En fait, pour répondre à cette question, je préfère citer les propos de Laurent Wehrli (vice -président de l’OSE) à ce sujet : « Ce n’est pas une question d’avantage ou de désavantage, mais de plein respect de la volonté démocratique des citoyens suisses, en regard aussi de l’Histoire de la Suisse. Au demeurant, au plan économique, des solutions adéquates et utiles – tant à la Suisse qu’à l’Union européenne et ses pays membres – ont été trouvées dans les paquets I voté en 1999 et II en 2004 et maintenant III en cours d’adoption. »

L'OSE va-t-elle prendre position sur le paquet Suisse-UE actuel ?

Oui, certainement. Il y a tout-de-même 450’000 suisses qui vivent dans l’Union Européenne concernés par la libre circulation des personnes et d’autres mesures. L’OSE a toujours été très attentive à l’évolution des relations Suisse/UE.

La Suisse à l'étranger aurait-elle besoin de sièges fixes au Conseil national et au Conseil des États, comme c'est le cas par exemple à l'Assemblée nationale française ?

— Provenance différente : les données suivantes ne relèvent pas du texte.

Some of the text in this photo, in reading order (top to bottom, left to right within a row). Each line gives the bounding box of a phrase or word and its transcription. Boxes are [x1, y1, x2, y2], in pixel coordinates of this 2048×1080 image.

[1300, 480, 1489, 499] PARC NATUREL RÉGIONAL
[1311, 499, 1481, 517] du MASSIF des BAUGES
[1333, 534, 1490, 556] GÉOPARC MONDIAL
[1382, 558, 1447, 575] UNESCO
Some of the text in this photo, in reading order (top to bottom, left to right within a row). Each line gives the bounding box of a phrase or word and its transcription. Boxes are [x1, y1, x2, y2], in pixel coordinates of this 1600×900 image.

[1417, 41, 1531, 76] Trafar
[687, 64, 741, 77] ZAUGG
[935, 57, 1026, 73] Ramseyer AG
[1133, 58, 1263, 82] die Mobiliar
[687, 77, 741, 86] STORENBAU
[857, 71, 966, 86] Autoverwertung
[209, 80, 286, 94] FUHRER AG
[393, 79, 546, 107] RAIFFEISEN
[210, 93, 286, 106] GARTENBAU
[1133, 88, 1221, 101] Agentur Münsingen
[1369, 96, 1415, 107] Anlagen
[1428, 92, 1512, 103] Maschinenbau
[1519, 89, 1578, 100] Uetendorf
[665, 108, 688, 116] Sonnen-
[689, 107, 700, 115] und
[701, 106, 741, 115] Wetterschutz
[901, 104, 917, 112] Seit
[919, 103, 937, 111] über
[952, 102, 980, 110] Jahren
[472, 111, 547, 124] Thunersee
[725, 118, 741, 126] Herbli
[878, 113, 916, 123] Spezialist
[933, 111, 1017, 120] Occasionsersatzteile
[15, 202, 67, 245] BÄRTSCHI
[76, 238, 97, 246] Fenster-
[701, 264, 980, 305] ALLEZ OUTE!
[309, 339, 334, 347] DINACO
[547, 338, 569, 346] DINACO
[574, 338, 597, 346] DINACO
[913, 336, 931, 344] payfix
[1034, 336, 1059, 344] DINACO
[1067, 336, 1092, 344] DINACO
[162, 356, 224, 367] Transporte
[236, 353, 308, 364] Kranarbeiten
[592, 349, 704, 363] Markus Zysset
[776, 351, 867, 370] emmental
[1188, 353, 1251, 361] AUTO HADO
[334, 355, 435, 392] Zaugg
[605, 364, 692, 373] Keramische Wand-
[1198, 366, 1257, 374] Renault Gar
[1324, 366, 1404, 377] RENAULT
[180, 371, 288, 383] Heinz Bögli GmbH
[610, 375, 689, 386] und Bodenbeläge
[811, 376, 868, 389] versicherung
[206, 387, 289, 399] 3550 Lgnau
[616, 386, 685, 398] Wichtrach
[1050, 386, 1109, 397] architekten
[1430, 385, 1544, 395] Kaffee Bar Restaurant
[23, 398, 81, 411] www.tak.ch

L’idée de sièges fixes au Conseil national et au Conseil des Etats court depuis longtemps. Durant la législature de 2021–2025, un groupe de travail a défendu cette perspective, à long terme. Pour l’instant, les membres du Conseil ont privilégié un contact étroit avec l’Intergroupe parlementaire des Suisses de l’étranger qui, à l’écoute de leurs préoccupations, représente la diversité de la diaspora. Les élections directes au Conseil des Suisses de l’étranger qui devraient se généraliser dès 2029, en feront un Conseil plus représentatif qu’aujourd’hui, avec des attentes plus importantes à transmettre à l’Intergroupe.

Souhaitez-vous retourner en Suisse un jour ? 

Le souhaiter, pour diverses raisons, oui, mais le réaliser…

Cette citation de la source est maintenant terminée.